Innym poważnym problemem, z którym zmaga się Brytyjczyk z Coulsdon, jest jedzenie.
Powiedziała: „Nie jadłam od dwóch dni, bo jedzenie jest dla mnie po prostu za ostre.
„Powiedziałem moim prawnikom – mam ich trzech – że potrzebuję innego jedzenia. Powiedzieli, że to załatwią, ale nadal tego nie zrobili. Nie wiem dlaczego.
„Na szczęście niektóre dziewczyny mówią po angielsku i podzieliły się ze mną ciasteczkami i tym podobnymi rzeczami, co jest miłe ”.
Dziś rozpoczyna się jej pierwsza rozprawa w związku z odkryciem w jej bagażu kush wartego 1,2 miliona funtów.
Kush, silnie uzależniający syntetyczny narkotyk, pochłonął życie tysięcy osób w Afryce Zachodniej, gdzie pojawił się po raz pierwszy w 2022 r. i rozprzestrzenia się na całym świecie w zastraszającym tempie.
Ten bardzo tani narkotyk jest wzbogacony wieloma dodatkami, m.in. acetonem, opioidem tramadolem i formaliną, toksyczną substancją chemiczną powszechnie stosowaną do konserwacji zwłok w kostnicach.
Informacja ta pojawiła się po tym, jak przyjaciółka Charlotte przyznała , że wie o podobnej sprawie Belli Culley – 18-latki aresztowanej w Georgii, która również jest oskarżona o przemyt narkotyków.
Jednakże dwójka nastolatków nigdy się nie spotkała, a Charlotte „nie wie, czy istnieje jakikolwiek związek” między jej własnymi przeżyciami.
Przez Patrick Harrington
Podpułkownik policji Arun Musikim, zastępca inspektora policji prowincji Surat Thani, powiedział: „Sprawy dotyczące przemytu marihuany przez obywateli brytyjskich pojawiają się już od jakiegoś czasu.
„Na wyspach Tajlandii na południu uprawia się dużo konopi, ponieważ klimat jest odpowiedni i jest to legalne. Wiele gangów jest tym zafascynowanych.
„Istnieją teraz różne metody przemytu, które widzieliśmy. Niektórzy sami to noszą, niektórzy wynajmują backpackerów, a niektórzy wysyłają pocztą.
„W tym roku przechwyciliśmy wiele przypadków. Większość dotyczy obywateli Wielkiej Brytanii i Malezji.

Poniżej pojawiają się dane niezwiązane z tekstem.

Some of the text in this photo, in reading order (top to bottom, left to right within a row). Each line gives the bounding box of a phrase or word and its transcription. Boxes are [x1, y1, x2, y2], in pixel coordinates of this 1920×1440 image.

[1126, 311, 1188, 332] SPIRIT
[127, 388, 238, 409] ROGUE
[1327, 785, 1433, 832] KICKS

„Obywatele brytyjscy mogą łatwo podróżować, ponieważ mogą wjechać do Tajlandii i wrócić do Wielkiej Brytanii bez konieczności posiadania wizy.
„Większość przemytników to osoby wynajęte do przewozu marihuany, podobnie jak turyści przemycają towary wolne od podatku.

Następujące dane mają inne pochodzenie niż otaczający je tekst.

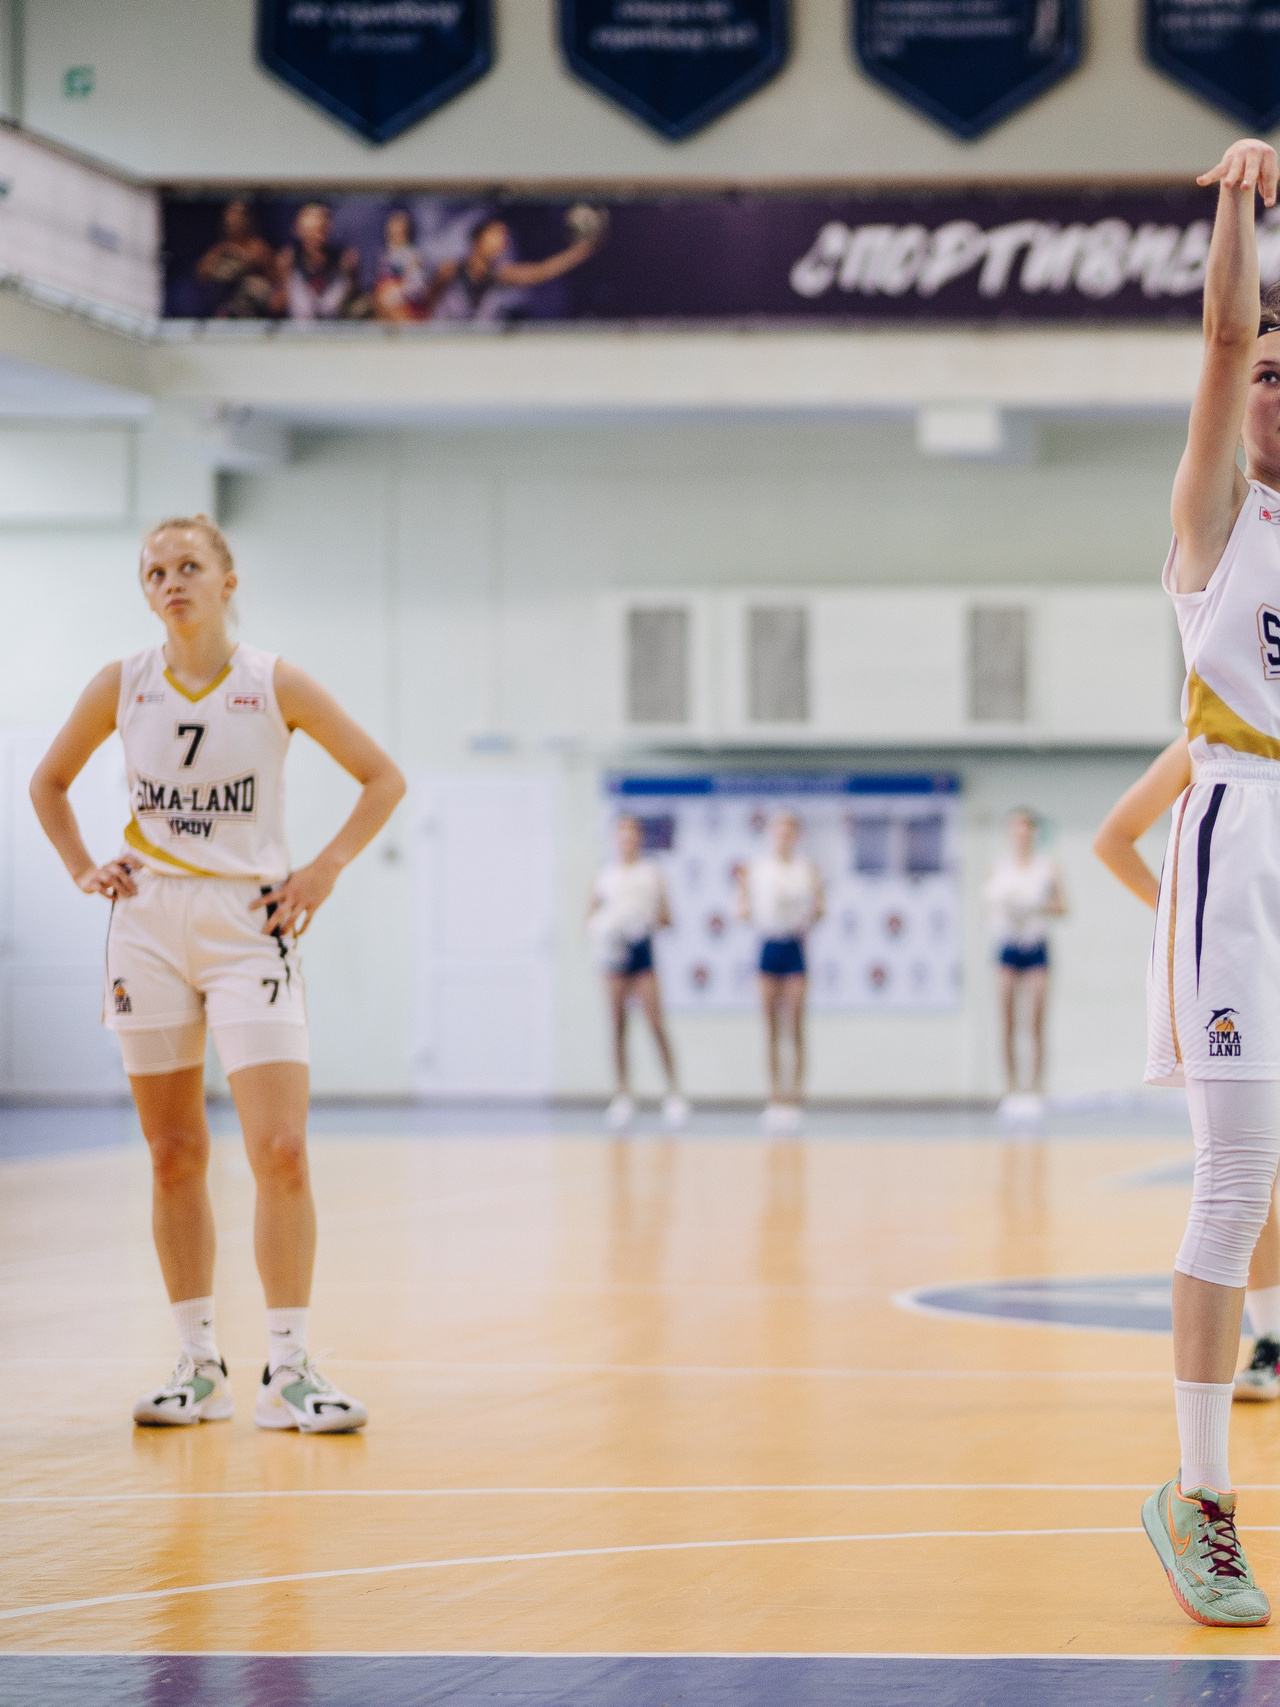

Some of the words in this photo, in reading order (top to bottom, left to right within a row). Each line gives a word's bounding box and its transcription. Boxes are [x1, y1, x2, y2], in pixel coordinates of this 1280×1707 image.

[177, 723, 205, 767] 7
[262, 978, 280, 1003] 7
[1209, 1044, 1241, 1057] LAND

„To zazwyczaj bezrobotni ludzie z Wielkiej Brytanii. Gangi oferują im loty, kieszonkowe i pobyty w hotelach, tylko po to, żeby przyjechali, podróżowali i zabrali ze sobą torbę do domu.
„Ci ludzie często mają słabą pozycję społeczną w domu i szukają sposobów na szybkie zarobienie pieniędzy. Znajdują ich przez znajomych lub w mediach społecznościowych.
„Wielu z nich wybierze się na festiwale i imprezy podczas swojego pobytu tutaj, tak jakby byli na zwykłej wycieczce za granicę.
„Mówią im, że to łatwe i że nie zostaną złapani. Wtedy kwota, za którą organizatorzy mogą sprzedać marihuanę w Wielkiej Brytanii, jest znacznie wyższa niż w Tajlandii.
„Policja podejrzewa, że po drugiej stronie jest wielu pracodawców i grup otrzymujących narkotyki. Następnie marihuana trafia na rynek brytyjski.
„Zachowujemy czujność, aby mieć pewność, że nie będzie żadnych dróg wyjścia z kraju”.